Deux autres extraits du livre de Xavier Comtesse, “De l’économie directe”
6th March 2007
EXTRAIT 1: l’émergence du crowdsourcing
Les Américains parlent de ” Crowdsourcing” [1] lorsqu’il s’agit de se décharger vers les clients (ou vers la population) d’une partie de l’activité productrice d’une entreprise. L’exemple d’IKEA qui a, en quelque sorte, donné en ” crowdsourcing” à ses clients la fabrication finale (le montage) et le transport final (la livraison) de ses meubles est un exemple souvent évoqué pour désigner ce transfert. En principe, aujourd’hui, beaucoup d’entreprises si ce n’est déjà une petite majorité d’entre elles, ont d’une manière ou d’une autre entamé un tel processus. Ce transfert peut prendre différentes formes, mais il procède toujours de la même philosophie à savoir donner des outils suffisants pour déléguer aux clients, la responsabilité d’une partie de la “value chain”.

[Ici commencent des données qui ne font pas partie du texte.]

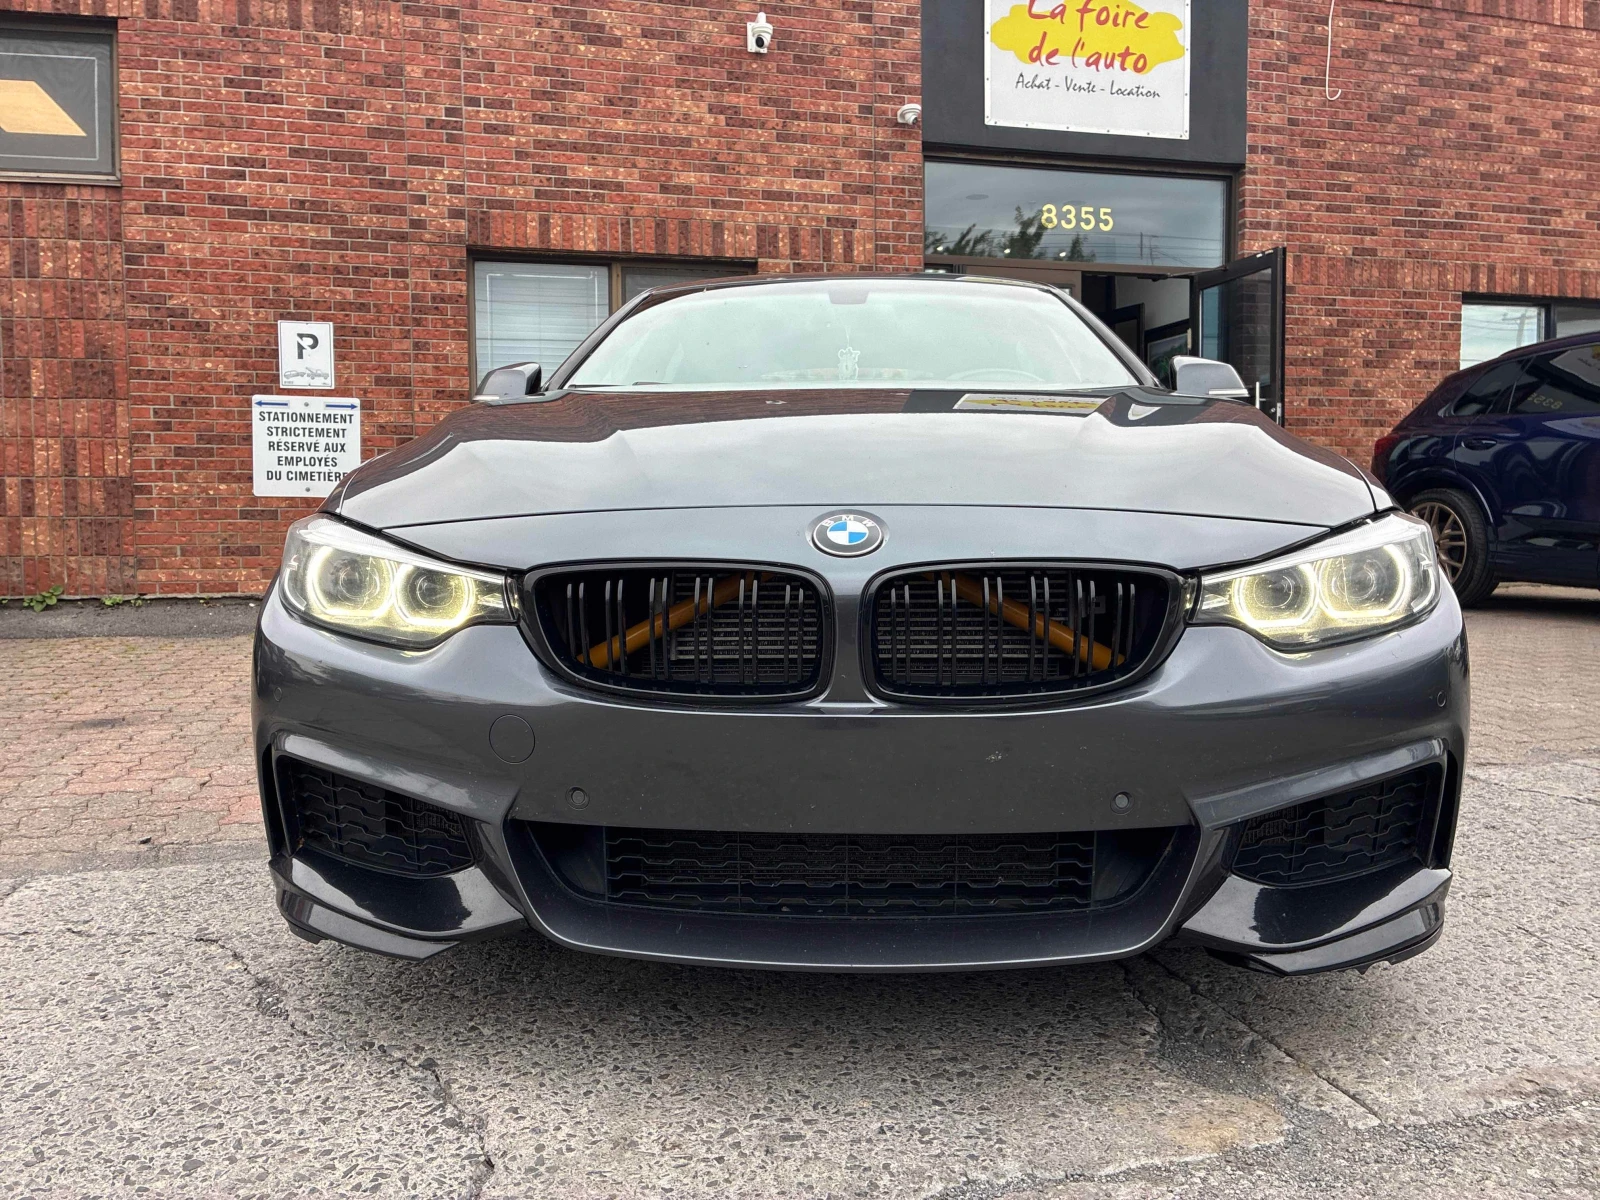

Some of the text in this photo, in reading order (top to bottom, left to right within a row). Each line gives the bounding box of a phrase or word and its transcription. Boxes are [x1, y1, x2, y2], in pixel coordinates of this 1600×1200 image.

[1027, 0, 1150, 33] La foire
[1028, 31, 1148, 74] de l'auto
[1015, 72, 1051, 89] Achat
[1064, 76, 1096, 94] Vente
[1110, 80, 1161, 98] Location
[1041, 203, 1114, 231] 8355
[296, 333, 319, 359] P
[258, 411, 354, 424] STATIONNEMENT
[266, 426, 347, 438] STRICTEMENT
[268, 439, 346, 453] RÉSERVÉ AUX
[277, 454, 338, 467] EMPLOYÉS
[266, 471, 282, 481] DU
[821, 514, 876, 527] BMW

L’apport nouveau de cette étude réside dans la présentation analytique de ces transferts. Fondée sur une analyse détaillée des concepts d’ “interactivité” et de “savoirs”, l’étude apporte un outil simple mais performant à trois niveaux d’interprétations et d’usage. A savoir un niveau explicatif historique, un niveau concurrentiel, sectoriel et de benchmark, et un niveau stratégique de développements futurs.

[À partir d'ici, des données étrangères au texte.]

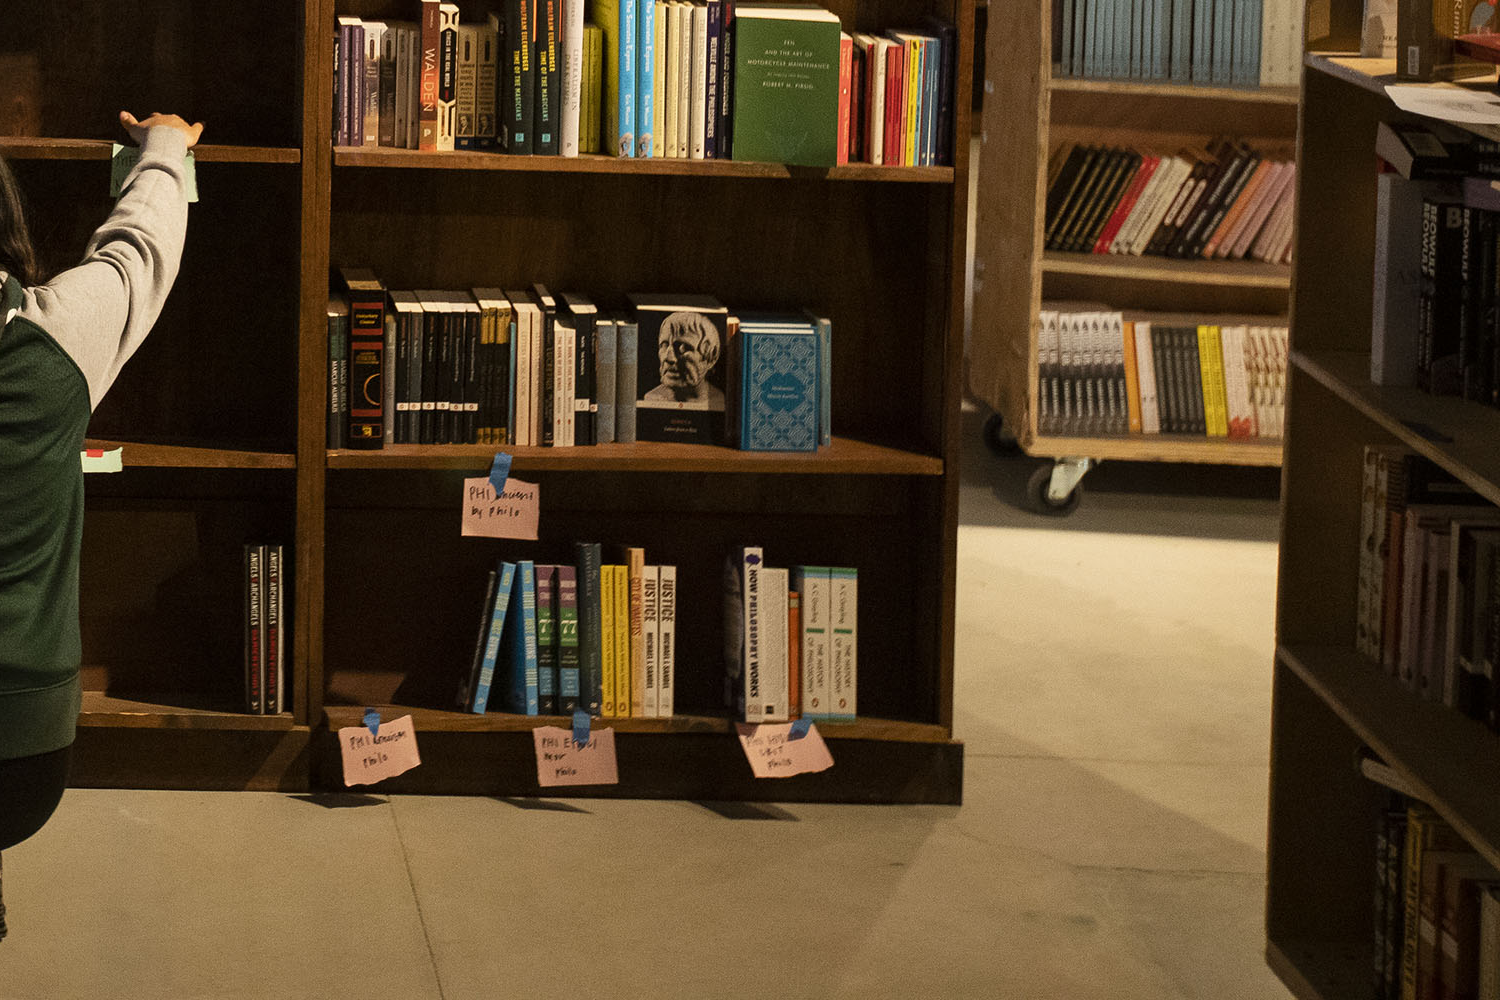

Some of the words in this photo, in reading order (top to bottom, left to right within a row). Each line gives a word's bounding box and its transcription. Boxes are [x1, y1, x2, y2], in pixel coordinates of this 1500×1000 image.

[1] Wired, p. 177-183, juin 2006
EXTRAIT 2: Le ConsommActeur
Par ConsommActeur, il est entendu que le consommateur entre de plus en plus dans la chaîne de la valeur où il prend notamment une part active dans la finition des produits ou des services, mais également dans des formes plus élaborées comme la co-création. L’exemple d’Easyjet [1] est parlant à cet égard. Le consommateur réserve et paye sur Internet lui-même son voyage, imprime son e-ticket et va faire son propre check-in sur des bornes automatiques disposées à cet effet dans les halls d’embarquement des aéroports. Le gain de temps et de productivité est optimal. Il est redistribué en partie sous forme de discount aux usagers.
Easyjet et il ne faut pas s’y tromper, incarne plus une compagnie de ” highly productive” qu’un “low cost”. Le passage en quelque sorte actif des consommateurs dans la production va évidemment bouleverser de fond en comble la chaîne de la création de valeur, qui n’est plus désormais le fait unique de l’entreprise. La description détaillée de cette interactivité renforcée, doublée d’une pénétration dans la société du savoir, est la partie centrale de cette étude.